= Burji Zone =

Zone in the South Ethiopia Regional State

Map of the regions and zones of Ethiopia

Burji Zone is one of the zones in the South Ethiopia Regional State of Ethiopia. In August 2023 Burji special Woreda got zonal status upon the formation of South Ethiopia Region. In 2011, the Segen Area Peoples Zone was established, which includes Burji woreda and the 3 former special woredas surrounding it. It is named for the Burji people, who have their homeland in this zone. Burji is bordered on the east and south by the Oromia Region, on the west by the Konso Zone, and on the north by the Amaro Zone. The administrative center of Burji is Soyama.

Burji has 86 kilometers of all-weather roads and 20 kilometers of dry-weather roads, for an average road density of 80 kilometers per 1000 square kilometers.

== Demographics ==
Based on the 2007 Census conducted by the Central Statistical Agency of Ethiopia (CSA), this zone has a total population of 155,681, of whom 76,439 are men and 79,241 women; with an area of 1,128.40 square kilometers, Burji has a population density of 97.35. While 11.27% are urban inhabitants, a further 12 individuals are pastoralists. A total of 29,690 households were counted in this woreda, which results in an average of 5.24 persons to a household. The three largest ethnic groups reported in Burji were the Burji (80.15%), koore (15.38%) and the Konso (1.03%); all other ethnic groups made up 3.44% of the population. Burji was spoken as a first language by 76.31% of the inhabitants, 15.38% spoke Oromiffa, 5.39% Koorete, and 1.07% Konso; the remaining 1.85% spoke all other primary languages reported. 42.8% were Protestants, 35.82% of the population said they were Ethiopian Orthodox Christianity, and 20.93% were Muslim.
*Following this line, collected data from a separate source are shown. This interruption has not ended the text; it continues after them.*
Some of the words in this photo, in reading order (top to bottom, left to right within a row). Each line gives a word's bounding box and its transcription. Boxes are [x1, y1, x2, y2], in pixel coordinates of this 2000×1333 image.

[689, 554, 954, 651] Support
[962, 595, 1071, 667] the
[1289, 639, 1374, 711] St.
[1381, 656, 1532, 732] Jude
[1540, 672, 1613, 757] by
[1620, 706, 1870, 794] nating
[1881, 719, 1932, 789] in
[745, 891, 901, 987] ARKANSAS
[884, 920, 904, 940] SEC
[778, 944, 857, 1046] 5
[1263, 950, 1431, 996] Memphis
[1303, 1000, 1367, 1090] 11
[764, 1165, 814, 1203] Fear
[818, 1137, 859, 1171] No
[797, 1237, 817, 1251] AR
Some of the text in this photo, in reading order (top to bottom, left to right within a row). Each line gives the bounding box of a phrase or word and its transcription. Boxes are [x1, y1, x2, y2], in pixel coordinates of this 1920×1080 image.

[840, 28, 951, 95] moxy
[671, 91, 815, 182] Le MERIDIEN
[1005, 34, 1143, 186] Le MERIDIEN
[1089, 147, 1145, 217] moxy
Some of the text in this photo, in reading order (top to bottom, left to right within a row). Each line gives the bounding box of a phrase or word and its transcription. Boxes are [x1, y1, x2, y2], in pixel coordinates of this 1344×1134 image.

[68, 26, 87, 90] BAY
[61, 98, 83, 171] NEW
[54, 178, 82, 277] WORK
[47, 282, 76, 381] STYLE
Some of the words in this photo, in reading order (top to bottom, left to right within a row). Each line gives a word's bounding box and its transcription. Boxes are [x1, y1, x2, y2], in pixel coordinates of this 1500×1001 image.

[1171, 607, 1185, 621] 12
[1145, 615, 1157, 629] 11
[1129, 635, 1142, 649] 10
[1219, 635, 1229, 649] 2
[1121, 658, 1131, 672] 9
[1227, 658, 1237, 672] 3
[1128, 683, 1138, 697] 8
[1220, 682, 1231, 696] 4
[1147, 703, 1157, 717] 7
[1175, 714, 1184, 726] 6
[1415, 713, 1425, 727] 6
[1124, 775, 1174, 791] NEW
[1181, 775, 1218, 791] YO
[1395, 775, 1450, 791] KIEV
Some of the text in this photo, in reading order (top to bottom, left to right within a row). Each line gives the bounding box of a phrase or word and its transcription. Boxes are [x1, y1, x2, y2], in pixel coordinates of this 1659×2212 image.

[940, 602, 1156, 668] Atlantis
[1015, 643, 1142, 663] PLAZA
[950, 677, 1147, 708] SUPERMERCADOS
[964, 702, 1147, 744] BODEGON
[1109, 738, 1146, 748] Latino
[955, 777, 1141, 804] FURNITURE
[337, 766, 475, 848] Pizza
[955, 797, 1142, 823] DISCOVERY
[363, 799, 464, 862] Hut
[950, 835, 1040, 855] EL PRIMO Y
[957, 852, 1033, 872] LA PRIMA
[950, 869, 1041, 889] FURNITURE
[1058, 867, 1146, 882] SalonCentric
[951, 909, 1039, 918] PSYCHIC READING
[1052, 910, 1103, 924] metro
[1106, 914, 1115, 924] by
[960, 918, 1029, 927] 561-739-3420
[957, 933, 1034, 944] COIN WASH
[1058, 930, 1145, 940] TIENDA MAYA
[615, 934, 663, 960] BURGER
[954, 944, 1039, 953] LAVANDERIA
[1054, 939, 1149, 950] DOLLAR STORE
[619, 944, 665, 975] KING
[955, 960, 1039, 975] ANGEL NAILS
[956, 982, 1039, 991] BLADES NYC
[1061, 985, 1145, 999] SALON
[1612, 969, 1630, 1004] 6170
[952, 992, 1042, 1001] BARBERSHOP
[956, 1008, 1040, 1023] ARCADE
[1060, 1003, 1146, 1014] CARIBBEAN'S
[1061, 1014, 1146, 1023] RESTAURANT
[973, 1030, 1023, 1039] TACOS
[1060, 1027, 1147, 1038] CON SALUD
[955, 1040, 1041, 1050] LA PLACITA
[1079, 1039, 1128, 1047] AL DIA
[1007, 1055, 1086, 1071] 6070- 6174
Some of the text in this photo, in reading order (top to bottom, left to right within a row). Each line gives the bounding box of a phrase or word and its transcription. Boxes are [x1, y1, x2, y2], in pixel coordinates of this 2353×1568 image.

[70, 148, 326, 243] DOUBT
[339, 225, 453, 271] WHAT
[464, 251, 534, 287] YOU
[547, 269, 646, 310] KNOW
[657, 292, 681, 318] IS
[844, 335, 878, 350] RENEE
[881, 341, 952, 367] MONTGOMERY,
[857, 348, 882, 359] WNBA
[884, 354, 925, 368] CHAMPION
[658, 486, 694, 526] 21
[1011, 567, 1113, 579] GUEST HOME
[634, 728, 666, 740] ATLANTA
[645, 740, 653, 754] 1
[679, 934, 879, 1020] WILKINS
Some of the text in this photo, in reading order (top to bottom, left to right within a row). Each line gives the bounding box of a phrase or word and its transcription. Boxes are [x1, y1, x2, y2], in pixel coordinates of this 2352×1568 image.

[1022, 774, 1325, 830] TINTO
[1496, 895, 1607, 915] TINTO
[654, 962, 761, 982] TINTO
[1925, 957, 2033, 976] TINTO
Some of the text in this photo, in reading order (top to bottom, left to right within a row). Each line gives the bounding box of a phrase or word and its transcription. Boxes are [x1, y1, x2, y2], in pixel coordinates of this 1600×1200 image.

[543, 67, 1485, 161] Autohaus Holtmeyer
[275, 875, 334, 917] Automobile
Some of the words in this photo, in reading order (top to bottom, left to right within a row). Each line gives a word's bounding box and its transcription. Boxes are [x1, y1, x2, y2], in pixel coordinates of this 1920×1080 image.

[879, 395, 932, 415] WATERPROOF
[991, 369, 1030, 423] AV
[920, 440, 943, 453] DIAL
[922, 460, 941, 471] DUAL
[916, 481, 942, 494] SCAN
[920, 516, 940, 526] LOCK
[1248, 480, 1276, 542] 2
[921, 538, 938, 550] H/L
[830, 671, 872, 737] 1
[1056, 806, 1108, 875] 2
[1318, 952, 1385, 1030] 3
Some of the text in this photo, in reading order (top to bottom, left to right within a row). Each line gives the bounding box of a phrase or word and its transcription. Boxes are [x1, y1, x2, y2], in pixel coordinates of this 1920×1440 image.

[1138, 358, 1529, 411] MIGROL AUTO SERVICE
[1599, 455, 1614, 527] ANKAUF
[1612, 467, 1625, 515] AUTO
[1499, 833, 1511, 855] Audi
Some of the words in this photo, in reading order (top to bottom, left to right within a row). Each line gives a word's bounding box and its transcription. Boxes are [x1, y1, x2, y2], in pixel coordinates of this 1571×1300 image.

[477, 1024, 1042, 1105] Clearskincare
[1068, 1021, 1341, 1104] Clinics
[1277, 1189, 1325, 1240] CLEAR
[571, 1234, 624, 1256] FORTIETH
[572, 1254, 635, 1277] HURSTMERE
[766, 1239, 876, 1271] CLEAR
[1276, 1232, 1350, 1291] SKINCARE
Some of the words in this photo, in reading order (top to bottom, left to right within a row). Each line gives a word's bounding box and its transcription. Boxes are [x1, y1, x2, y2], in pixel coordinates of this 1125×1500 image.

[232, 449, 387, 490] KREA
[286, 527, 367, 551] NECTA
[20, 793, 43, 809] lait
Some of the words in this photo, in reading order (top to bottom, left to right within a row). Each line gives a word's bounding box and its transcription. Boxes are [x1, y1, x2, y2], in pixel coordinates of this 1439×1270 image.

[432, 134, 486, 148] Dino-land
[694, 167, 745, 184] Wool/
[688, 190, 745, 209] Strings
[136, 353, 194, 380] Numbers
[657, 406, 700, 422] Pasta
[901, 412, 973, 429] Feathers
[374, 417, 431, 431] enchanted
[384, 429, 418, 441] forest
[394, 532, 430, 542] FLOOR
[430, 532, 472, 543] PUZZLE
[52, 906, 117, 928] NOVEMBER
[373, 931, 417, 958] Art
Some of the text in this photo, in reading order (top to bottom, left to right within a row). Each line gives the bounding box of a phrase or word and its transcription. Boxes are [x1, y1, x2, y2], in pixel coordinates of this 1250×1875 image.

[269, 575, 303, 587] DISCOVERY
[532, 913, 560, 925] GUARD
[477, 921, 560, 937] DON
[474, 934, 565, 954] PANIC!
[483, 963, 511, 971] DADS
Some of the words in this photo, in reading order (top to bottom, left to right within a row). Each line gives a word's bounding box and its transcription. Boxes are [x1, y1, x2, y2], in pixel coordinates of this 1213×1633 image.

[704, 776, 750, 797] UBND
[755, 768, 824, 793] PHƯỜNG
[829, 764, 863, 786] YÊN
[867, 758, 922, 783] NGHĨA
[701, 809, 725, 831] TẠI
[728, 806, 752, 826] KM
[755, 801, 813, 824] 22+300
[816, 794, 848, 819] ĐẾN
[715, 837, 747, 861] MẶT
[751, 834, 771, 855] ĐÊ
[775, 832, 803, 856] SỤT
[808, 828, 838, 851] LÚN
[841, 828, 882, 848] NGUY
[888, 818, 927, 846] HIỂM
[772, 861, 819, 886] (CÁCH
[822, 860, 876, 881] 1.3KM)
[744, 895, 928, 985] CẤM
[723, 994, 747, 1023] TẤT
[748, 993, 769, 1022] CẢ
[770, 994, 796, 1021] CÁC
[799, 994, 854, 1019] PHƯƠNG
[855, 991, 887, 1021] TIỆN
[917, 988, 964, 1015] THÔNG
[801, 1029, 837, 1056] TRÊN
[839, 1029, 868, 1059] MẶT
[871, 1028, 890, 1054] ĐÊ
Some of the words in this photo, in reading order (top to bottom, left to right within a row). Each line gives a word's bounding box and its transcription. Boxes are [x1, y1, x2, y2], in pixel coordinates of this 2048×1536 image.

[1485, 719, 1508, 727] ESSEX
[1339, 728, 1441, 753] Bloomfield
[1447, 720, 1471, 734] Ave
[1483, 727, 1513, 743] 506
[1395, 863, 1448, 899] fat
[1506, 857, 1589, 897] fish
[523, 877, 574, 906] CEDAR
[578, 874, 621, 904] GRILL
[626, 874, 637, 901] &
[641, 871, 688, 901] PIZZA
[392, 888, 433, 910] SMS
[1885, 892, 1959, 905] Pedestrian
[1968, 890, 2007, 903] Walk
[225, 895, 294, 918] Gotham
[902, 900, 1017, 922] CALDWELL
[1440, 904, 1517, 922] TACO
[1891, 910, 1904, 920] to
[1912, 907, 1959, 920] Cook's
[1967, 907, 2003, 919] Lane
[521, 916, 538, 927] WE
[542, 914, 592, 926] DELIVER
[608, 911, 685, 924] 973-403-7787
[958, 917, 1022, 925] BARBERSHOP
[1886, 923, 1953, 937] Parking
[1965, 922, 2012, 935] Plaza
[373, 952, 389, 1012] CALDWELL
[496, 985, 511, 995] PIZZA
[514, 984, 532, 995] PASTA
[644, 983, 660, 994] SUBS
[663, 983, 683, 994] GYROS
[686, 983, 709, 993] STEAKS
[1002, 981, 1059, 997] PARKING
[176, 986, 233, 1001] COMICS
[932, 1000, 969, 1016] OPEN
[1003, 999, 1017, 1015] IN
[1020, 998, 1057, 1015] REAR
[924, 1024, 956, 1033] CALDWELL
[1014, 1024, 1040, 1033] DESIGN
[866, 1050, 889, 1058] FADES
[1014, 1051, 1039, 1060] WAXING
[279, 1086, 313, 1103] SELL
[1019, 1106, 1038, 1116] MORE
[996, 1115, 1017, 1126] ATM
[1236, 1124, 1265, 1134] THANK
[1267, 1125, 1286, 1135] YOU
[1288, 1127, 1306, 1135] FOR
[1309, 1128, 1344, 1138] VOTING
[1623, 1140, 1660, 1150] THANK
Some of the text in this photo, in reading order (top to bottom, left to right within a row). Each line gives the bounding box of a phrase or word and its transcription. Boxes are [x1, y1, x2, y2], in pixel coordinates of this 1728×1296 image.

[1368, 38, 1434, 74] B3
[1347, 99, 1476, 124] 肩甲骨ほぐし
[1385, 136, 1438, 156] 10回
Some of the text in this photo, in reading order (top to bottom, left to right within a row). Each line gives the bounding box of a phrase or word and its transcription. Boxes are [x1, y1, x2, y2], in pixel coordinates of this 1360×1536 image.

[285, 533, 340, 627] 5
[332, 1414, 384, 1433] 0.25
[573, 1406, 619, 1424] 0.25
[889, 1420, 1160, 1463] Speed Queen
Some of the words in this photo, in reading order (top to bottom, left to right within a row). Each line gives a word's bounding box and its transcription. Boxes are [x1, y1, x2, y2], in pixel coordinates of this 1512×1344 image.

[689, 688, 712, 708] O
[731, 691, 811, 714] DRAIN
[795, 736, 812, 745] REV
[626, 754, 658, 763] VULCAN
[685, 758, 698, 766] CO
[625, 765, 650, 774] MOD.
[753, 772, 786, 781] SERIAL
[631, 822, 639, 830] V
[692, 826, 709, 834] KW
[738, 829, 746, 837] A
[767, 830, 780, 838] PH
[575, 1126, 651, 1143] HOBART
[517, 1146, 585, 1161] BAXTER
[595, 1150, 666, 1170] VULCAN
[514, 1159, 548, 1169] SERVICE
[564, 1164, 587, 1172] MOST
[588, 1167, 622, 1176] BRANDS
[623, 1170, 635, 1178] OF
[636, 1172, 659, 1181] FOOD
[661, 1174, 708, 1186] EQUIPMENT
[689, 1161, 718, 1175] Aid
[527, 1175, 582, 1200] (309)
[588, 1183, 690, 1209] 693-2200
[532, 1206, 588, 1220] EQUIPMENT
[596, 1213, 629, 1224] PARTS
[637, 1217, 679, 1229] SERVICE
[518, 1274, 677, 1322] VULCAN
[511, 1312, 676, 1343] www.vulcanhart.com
In the 1994 Census this woreda had a population of 108,331 in 20,409 households, of whom 53,190 were men and 55,141 women; 11.47% of its population were urban dwellers. The four largest ethnic groups reported in Burji were the Burji (84.54%), the Koore (11.75%), the Konso (1.3%), and the Amhara (1.06%); all other ethnic groups made up 1.35% of the population. Burji was spoken as a first language by 80.47% of the inhabitants, 13.81% spoke Oromiffa 3.9%Koorete, 0.87% Konso, and 0.66% spoke Amharic; the remaining 0.29% spoke all other primary languages reported. 42.71% of the population said they were Ethiopian Orthodox Christianity, 24.05% were Protestants, 18.05% practiced traditional religions, and 14.29% were Muslim. Concerning education, 24.19% of the population were considered literate; 14.48% of children aged 7-12 were in primary school; 1.62% of the children aged 13-14 were in junior secondary school, and 1.01% of the inhabitants aged 15-18 were in senior secondary school. Concerning sanitary conditions, about 3% of the urban houses and 9% of all houses had access to safe drinking water at the time of the census; 39% of the urban and 6% of the total had toilet facilities.